If a record below holds a picture, drop the picture and restate everything else word for word.

▽

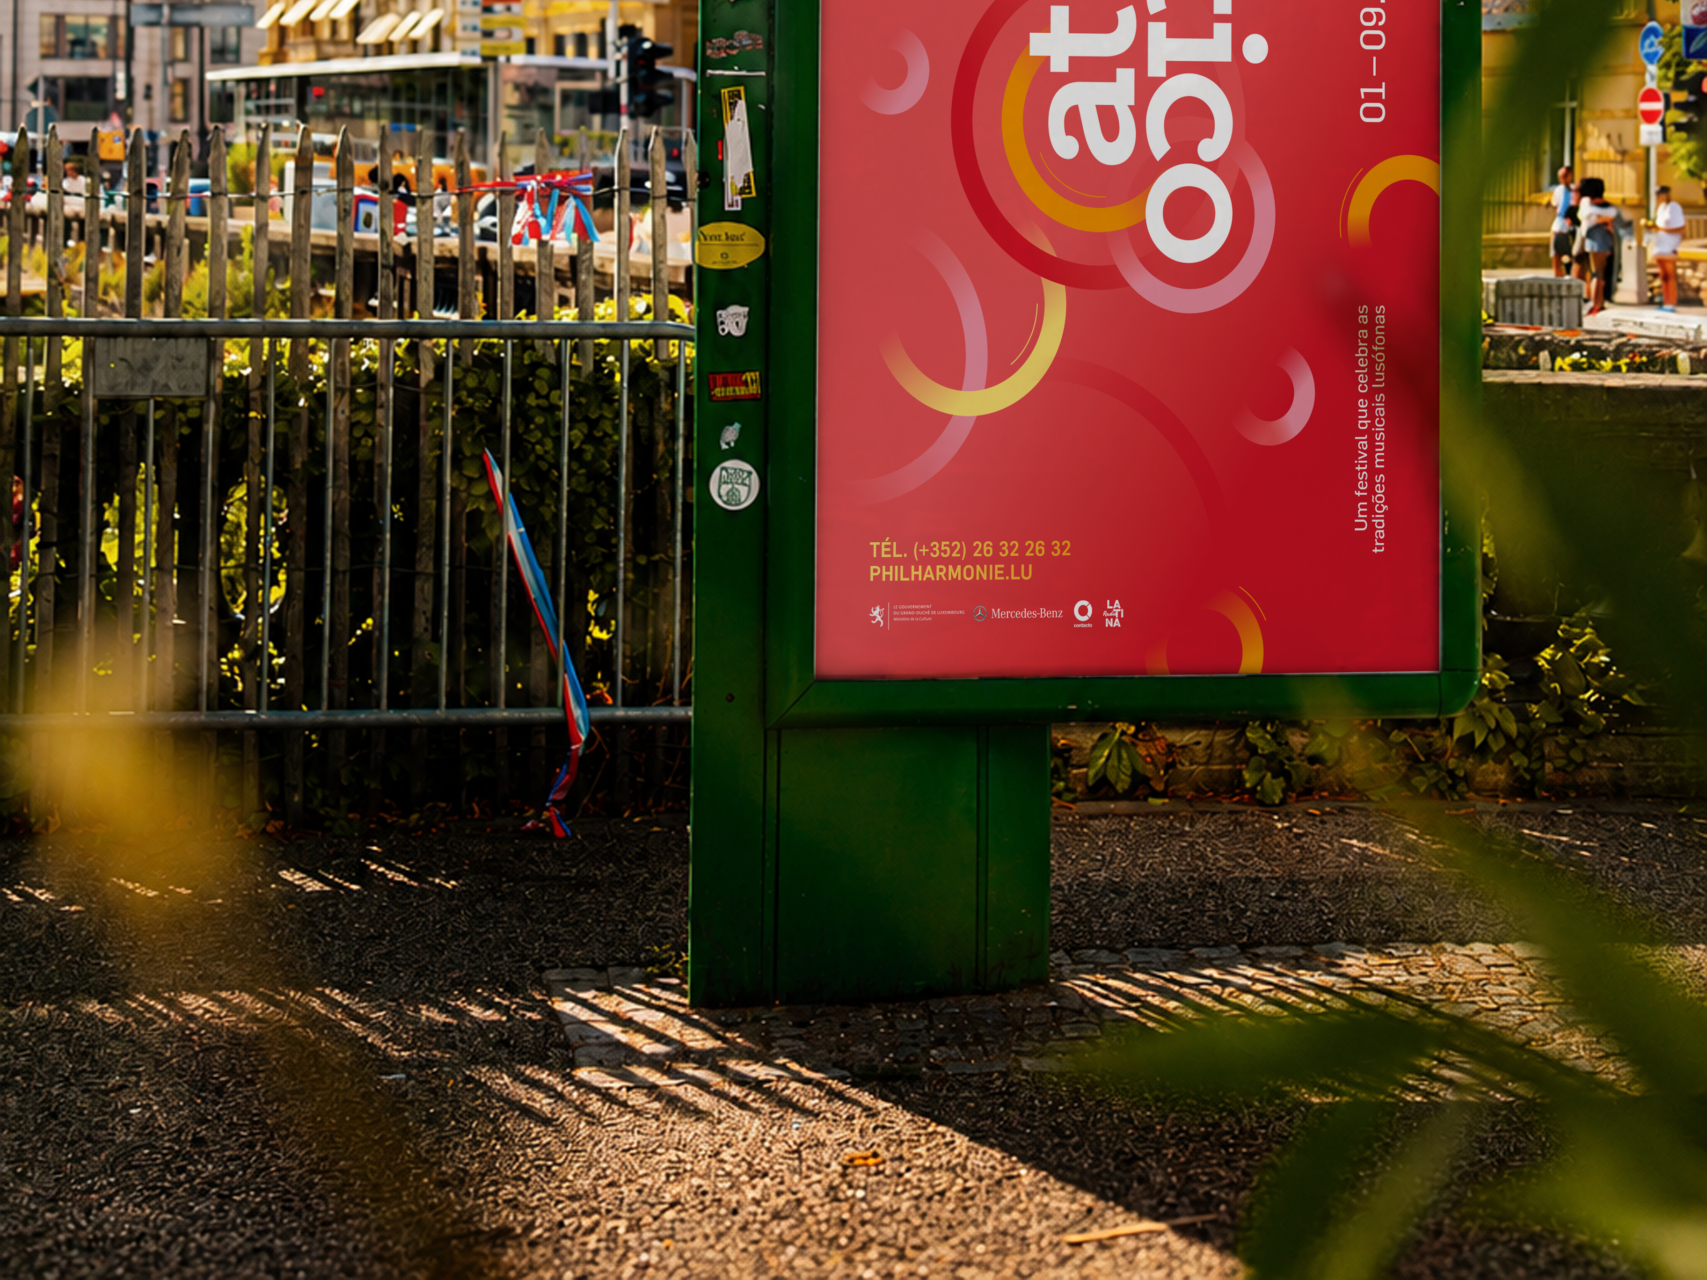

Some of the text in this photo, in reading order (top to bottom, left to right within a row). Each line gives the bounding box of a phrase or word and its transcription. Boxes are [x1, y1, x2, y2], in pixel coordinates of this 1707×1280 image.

[1353, 304, 1372, 532] Um festival que celebra as
[1371, 304, 1389, 554] tradições musicais lusófonas
[869, 536, 1072, 562] TÉL. (+352) 26 32 26 32
[869, 563, 1033, 582] PHILHARMONIE.LU
[991, 607, 1063, 619] Mercedes-Benz

△

▶ [ANSWER FOR THE TASK]:
Some of the text in this photo, in reading order (top to bottom, left to right within a row). Each line gives the bounding box of a phrase or word and its transcription. Boxes are [x1, y1, x2, y2], in pixel coordinates of this 1707×1280 image.

[1353, 304, 1372, 532] Um festival que celebra as
[1371, 304, 1389, 554] tradições musicais lusófonas
[869, 536, 1072, 562] TÉL. (+352) 26 32 26 32
[869, 563, 1033, 582] PHILHARMONIE.LU
[991, 607, 1063, 619] Mercedes-Benz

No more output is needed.